Isn't that the limit? No apology for using slang, either. I mean what I say. There's just one thing about it, Marjorie, we'll have to do something to stop Mignon from making such malicious remarks about Veronica. All morning I kept thinking about what Daisy had said. While I was eating luncheon an idea popped into my head. We might as well make a special rule along with the regular club rules that the members must pledge themselves not to gossip or say hateful things about anyone. All the girls except Mignon will live up to it, I know. I've thought of another way, too, to keep her from gossiping. You'll think I've surely gone crazy when I tell you. Yet there's some method in my madness."
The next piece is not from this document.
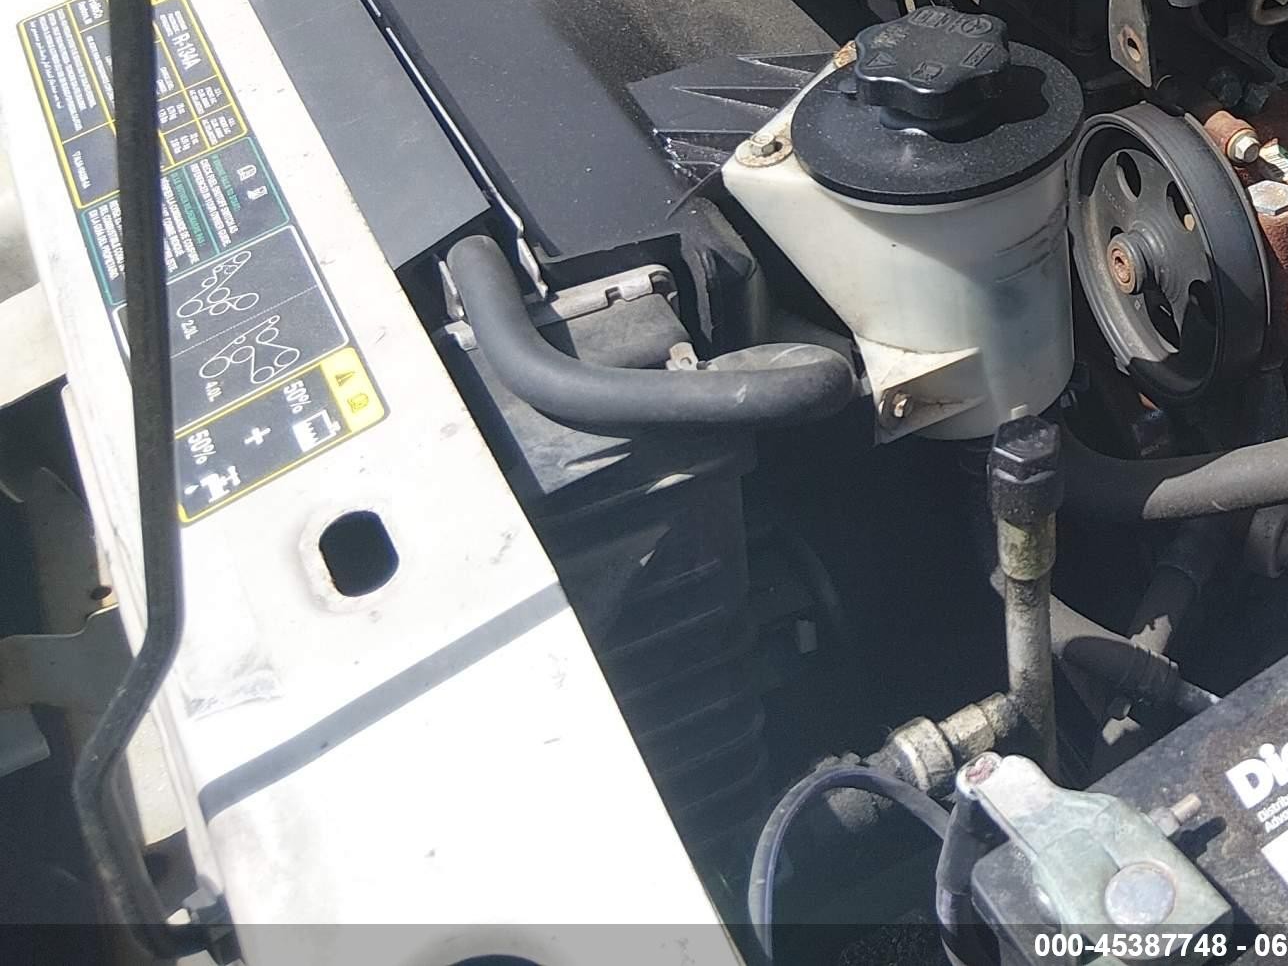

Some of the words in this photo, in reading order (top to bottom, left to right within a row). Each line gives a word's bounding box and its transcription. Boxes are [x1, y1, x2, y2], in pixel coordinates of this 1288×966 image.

"What is it?" asked Marjorie curiously. She could think of no effectual method of sealing Mignon's wayward lips.

"Well, the best thing to do with Mignon is to elect her to an office in the club. Then she won't dare to do anything but behave herself. The eyes of the club will be on her all the time. She'll just have to walk a chalk line. She'll do it, too. You know how well she behaved when Laurie gave her back her part in the operetta last Spring. She loves power and position. Make her an officer in the club and she'll walk softly for fear of putting out her own bright light. What do you think about it, anyway?"

"It's a good plan," was Marjorie's unhesitating answer. "I don't believe it would be wise to have her for president, though, or even vice-president."

"No, she'll have to be secretary or treasurer," declared Jerry quickly.

"In a club of fourteen, four officers will be about as many as we shall need."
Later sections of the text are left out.